* What this task involves *
Make an exact copy of every entry.

* Extracted records *
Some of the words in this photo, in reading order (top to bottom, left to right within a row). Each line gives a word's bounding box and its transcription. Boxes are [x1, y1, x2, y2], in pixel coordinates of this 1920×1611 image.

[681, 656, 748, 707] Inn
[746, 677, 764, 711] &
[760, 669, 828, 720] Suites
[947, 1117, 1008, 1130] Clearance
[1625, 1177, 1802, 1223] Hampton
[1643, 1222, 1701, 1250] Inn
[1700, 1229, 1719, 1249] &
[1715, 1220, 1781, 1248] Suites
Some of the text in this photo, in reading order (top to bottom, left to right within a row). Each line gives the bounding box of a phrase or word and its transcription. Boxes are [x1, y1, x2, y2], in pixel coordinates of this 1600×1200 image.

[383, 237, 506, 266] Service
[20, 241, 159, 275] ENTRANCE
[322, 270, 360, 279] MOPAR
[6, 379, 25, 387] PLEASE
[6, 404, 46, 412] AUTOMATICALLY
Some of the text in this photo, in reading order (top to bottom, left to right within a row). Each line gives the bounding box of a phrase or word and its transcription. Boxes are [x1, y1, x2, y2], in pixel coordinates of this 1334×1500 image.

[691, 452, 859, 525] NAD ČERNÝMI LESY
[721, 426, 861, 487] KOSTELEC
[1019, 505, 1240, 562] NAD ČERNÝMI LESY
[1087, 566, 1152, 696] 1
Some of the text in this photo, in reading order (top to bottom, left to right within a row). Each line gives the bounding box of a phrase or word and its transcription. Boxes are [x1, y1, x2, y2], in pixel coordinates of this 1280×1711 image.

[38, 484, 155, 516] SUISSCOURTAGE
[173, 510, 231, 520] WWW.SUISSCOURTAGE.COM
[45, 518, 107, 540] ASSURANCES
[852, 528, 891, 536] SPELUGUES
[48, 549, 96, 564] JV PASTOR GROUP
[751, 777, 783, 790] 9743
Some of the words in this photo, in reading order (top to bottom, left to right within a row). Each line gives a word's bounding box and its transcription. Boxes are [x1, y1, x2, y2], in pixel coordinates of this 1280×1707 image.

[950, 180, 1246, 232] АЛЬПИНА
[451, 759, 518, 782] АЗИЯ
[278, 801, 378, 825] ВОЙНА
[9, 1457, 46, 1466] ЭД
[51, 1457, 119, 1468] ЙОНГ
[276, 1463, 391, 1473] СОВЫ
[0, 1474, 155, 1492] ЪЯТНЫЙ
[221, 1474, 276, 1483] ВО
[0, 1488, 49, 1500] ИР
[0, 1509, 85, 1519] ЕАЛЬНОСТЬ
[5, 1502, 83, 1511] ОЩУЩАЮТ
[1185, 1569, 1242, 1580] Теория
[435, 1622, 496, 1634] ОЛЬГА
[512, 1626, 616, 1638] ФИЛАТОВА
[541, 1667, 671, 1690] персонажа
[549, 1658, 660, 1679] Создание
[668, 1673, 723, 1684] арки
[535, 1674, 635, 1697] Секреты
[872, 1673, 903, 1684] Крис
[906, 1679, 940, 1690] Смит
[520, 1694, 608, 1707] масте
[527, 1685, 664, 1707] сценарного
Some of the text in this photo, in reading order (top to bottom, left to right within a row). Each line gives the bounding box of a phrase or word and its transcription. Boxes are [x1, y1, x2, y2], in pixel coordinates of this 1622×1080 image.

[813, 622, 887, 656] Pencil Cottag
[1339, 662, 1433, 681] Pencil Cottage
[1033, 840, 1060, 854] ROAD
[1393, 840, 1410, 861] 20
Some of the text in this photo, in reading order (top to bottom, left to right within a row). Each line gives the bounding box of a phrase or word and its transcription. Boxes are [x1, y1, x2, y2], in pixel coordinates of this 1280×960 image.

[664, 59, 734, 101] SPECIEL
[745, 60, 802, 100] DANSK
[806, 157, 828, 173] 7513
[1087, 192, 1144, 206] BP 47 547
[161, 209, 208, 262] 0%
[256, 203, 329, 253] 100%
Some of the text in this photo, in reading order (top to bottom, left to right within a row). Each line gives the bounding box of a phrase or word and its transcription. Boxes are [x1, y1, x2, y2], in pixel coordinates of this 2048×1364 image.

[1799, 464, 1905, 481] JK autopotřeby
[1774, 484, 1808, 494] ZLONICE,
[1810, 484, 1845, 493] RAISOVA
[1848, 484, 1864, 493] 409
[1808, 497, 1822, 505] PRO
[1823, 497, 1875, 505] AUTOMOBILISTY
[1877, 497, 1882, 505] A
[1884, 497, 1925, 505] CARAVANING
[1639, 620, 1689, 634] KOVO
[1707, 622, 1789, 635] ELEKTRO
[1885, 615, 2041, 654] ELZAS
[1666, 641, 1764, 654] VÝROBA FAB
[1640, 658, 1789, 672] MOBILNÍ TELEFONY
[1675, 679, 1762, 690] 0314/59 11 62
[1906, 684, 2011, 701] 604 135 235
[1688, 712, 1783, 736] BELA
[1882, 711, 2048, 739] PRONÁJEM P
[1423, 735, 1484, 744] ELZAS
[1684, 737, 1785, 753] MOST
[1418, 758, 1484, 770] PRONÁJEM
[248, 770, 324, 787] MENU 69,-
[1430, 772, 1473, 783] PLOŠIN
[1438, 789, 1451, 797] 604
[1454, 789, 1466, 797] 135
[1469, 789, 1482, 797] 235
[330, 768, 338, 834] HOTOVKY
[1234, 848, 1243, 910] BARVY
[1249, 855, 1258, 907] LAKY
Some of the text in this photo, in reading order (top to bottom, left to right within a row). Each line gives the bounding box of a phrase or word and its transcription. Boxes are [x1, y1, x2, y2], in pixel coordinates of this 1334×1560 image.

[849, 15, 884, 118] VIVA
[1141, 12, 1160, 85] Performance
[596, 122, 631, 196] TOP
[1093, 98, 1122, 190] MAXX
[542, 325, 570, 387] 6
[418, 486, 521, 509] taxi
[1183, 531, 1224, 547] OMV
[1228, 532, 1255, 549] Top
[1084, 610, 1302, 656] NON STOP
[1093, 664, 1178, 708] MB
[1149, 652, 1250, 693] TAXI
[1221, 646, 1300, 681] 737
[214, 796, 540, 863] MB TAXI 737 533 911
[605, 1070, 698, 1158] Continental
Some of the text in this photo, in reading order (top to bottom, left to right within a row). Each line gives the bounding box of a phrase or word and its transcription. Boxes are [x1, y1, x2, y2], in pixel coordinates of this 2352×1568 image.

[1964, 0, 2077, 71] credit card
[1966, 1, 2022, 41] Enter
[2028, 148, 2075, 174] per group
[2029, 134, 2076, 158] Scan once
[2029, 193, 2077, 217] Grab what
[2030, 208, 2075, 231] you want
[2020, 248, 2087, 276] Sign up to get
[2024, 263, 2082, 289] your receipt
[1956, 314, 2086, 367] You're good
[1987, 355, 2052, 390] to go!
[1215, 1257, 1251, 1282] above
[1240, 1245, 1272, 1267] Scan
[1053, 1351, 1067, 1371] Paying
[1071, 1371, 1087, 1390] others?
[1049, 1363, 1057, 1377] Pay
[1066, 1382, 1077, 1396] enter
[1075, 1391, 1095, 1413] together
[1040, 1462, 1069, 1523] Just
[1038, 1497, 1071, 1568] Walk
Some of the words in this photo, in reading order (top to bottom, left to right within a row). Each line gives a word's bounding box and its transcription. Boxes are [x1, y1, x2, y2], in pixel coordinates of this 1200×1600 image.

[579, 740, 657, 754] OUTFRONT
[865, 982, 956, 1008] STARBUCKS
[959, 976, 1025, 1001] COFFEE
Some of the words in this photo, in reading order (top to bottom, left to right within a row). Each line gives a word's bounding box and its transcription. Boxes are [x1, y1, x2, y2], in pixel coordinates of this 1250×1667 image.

* Result for this task *
Some of the words in this photo, in reading order (top to bottom, left to right within a row). Each line gives a word's bounding box and its transcription. Boxes are [x1, y1, x2, y2], in pixel coordinates of this 1920×1611 image.

[681, 656, 748, 707] Inn
[746, 677, 764, 711] &
[760, 669, 828, 720] Suites
[947, 1117, 1008, 1130] Clearance
[1625, 1177, 1802, 1223] Hampton
[1643, 1222, 1701, 1250] Inn
[1700, 1229, 1719, 1249] &
[1715, 1220, 1781, 1248] Suites
Some of the text in this photo, in reading order (top to bottom, left to right within a row). Each line gives the bounding box of a phrase or word and its transcription. Boxes are [x1, y1, x2, y2], in pixel coordinates of this 1600×1200 image.

[383, 237, 506, 266] Service
[20, 241, 159, 275] ENTRANCE
[322, 270, 360, 279] MOPAR
[6, 379, 25, 387] PLEASE
[6, 404, 46, 412] AUTOMATICALLY
Some of the text in this photo, in reading order (top to bottom, left to right within a row). Each line gives the bounding box of a phrase or word and its transcription. Boxes are [x1, y1, x2, y2], in pixel coordinates of this 1334×1500 image.

[691, 452, 859, 525] NAD ČERNÝMI LESY
[721, 426, 861, 487] KOSTELEC
[1019, 505, 1240, 562] NAD ČERNÝMI LESY
[1087, 566, 1152, 696] 1
Some of the text in this photo, in reading order (top to bottom, left to right within a row). Each line gives the bounding box of a phrase or word and its transcription. Boxes are [x1, y1, x2, y2], in pixel coordinates of this 1280×1711 image.

[38, 484, 155, 516] SUISSCOURTAGE
[173, 510, 231, 520] WWW.SUISSCOURTAGE.COM
[45, 518, 107, 540] ASSURANCES
[852, 528, 891, 536] SPELUGUES
[48, 549, 96, 564] JV PASTOR GROUP
[751, 777, 783, 790] 9743
Some of the words in this photo, in reading order (top to bottom, left to right within a row). Each line gives a word's bounding box and its transcription. Boxes are [x1, y1, x2, y2], in pixel coordinates of this 1280×1707 image.

[950, 180, 1246, 232] АЛЬПИНА
[451, 759, 518, 782] АЗИЯ
[278, 801, 378, 825] ВОЙНА
[9, 1457, 46, 1466] ЭД
[51, 1457, 119, 1468] ЙОНГ
[276, 1463, 391, 1473] СОВЫ
[0, 1474, 155, 1492] ЪЯТНЫЙ
[221, 1474, 276, 1483] ВО
[0, 1488, 49, 1500] ИР
[0, 1509, 85, 1519] ЕАЛЬНОСТЬ
[5, 1502, 83, 1511] ОЩУЩАЮТ
[1185, 1569, 1242, 1580] Теория
[435, 1622, 496, 1634] ОЛЬГА
[512, 1626, 616, 1638] ФИЛАТОВА
[541, 1667, 671, 1690] персонажа
[549, 1658, 660, 1679] Создание
[668, 1673, 723, 1684] арки
[535, 1674, 635, 1697] Секреты
[872, 1673, 903, 1684] Крис
[906, 1679, 940, 1690] Смит
[520, 1694, 608, 1707] масте
[527, 1685, 664, 1707] сценарного
Some of the text in this photo, in reading order (top to bottom, left to right within a row). Each line gives the bounding box of a phrase or word and its transcription. Boxes are [x1, y1, x2, y2], in pixel coordinates of this 1622×1080 image.

[813, 622, 887, 656] Pencil Cottag
[1339, 662, 1433, 681] Pencil Cottage
[1033, 840, 1060, 854] ROAD
[1393, 840, 1410, 861] 20
Some of the text in this photo, in reading order (top to bottom, left to right within a row). Each line gives the bounding box of a phrase or word and its transcription. Boxes are [x1, y1, x2, y2], in pixel coordinates of this 1280×960 image.

[664, 59, 734, 101] SPECIEL
[745, 60, 802, 100] DANSK
[806, 157, 828, 173] 7513
[1087, 192, 1144, 206] BP 47 547
[161, 209, 208, 262] 0%
[256, 203, 329, 253] 100%
Some of the text in this photo, in reading order (top to bottom, left to right within a row). Each line gives the bounding box of a phrase or word and its transcription. Boxes are [x1, y1, x2, y2], in pixel coordinates of this 2048×1364 image.

[1799, 464, 1905, 481] JK autopotřeby
[1774, 484, 1808, 494] ZLONICE,
[1810, 484, 1845, 493] RAISOVA
[1848, 484, 1864, 493] 409
[1808, 497, 1822, 505] PRO
[1823, 497, 1875, 505] AUTOMOBILISTY
[1877, 497, 1882, 505] A
[1884, 497, 1925, 505] CARAVANING
[1639, 620, 1689, 634] KOVO
[1707, 622, 1789, 635] ELEKTRO
[1885, 615, 2041, 654] ELZAS
[1666, 641, 1764, 654] VÝROBA FAB
[1640, 658, 1789, 672] MOBILNÍ TELEFONY
[1675, 679, 1762, 690] 0314/59 11 62
[1906, 684, 2011, 701] 604 135 235
[1688, 712, 1783, 736] BELA
[1882, 711, 2048, 739] PRONÁJEM P
[1423, 735, 1484, 744] ELZAS
[1684, 737, 1785, 753] MOST
[1418, 758, 1484, 770] PRONÁJEM
[248, 770, 324, 787] MENU 69,-
[1430, 772, 1473, 783] PLOŠIN
[1438, 789, 1451, 797] 604
[1454, 789, 1466, 797] 135
[1469, 789, 1482, 797] 235
[330, 768, 338, 834] HOTOVKY
[1234, 848, 1243, 910] BARVY
[1249, 855, 1258, 907] LAKY
Some of the text in this photo, in reading order (top to bottom, left to right within a row). Each line gives the bounding box of a phrase or word and its transcription. Boxes are [x1, y1, x2, y2], in pixel coordinates of this 1334×1560 image.

[849, 15, 884, 118] VIVA
[1141, 12, 1160, 85] Performance
[596, 122, 631, 196] TOP
[1093, 98, 1122, 190] MAXX
[542, 325, 570, 387] 6
[418, 486, 521, 509] taxi
[1183, 531, 1224, 547] OMV
[1228, 532, 1255, 549] Top
[1084, 610, 1302, 656] NON STOP
[1093, 664, 1178, 708] MB
[1149, 652, 1250, 693] TAXI
[1221, 646, 1300, 681] 737
[214, 796, 540, 863] MB TAXI 737 533 911
[605, 1070, 698, 1158] Continental
Some of the text in this photo, in reading order (top to bottom, left to right within a row). Each line gives the bounding box of a phrase or word and its transcription. Boxes are [x1, y1, x2, y2], in pixel coordinates of this 2352×1568 image.

[1964, 0, 2077, 71] credit card
[1966, 1, 2022, 41] Enter
[2028, 148, 2075, 174] per group
[2029, 134, 2076, 158] Scan once
[2029, 193, 2077, 217] Grab what
[2030, 208, 2075, 231] you want
[2020, 248, 2087, 276] Sign up to get
[2024, 263, 2082, 289] your receipt
[1956, 314, 2086, 367] You're good
[1987, 355, 2052, 390] to go!
[1215, 1257, 1251, 1282] above
[1240, 1245, 1272, 1267] Scan
[1053, 1351, 1067, 1371] Paying
[1071, 1371, 1087, 1390] others?
[1049, 1363, 1057, 1377] Pay
[1066, 1382, 1077, 1396] enter
[1075, 1391, 1095, 1413] together
[1040, 1462, 1069, 1523] Just
[1038, 1497, 1071, 1568] Walk
Some of the words in this photo, in reading order (top to bottom, left to right within a row). Each line gives a word's bounding box and its transcription. Boxes are [x1, y1, x2, y2], in pixel coordinates of this 1200×1600 image.

[579, 740, 657, 754] OUTFRONT
[865, 982, 956, 1008] STARBUCKS
[959, 976, 1025, 1001] COFFEE
Some of the words in this photo, in reading order (top to bottom, left to right within a row). Each line gives a word's bounding box and its transcription. Boxes are [x1, y1, x2, y2], in pixel coordinates of this 1250×1667 image.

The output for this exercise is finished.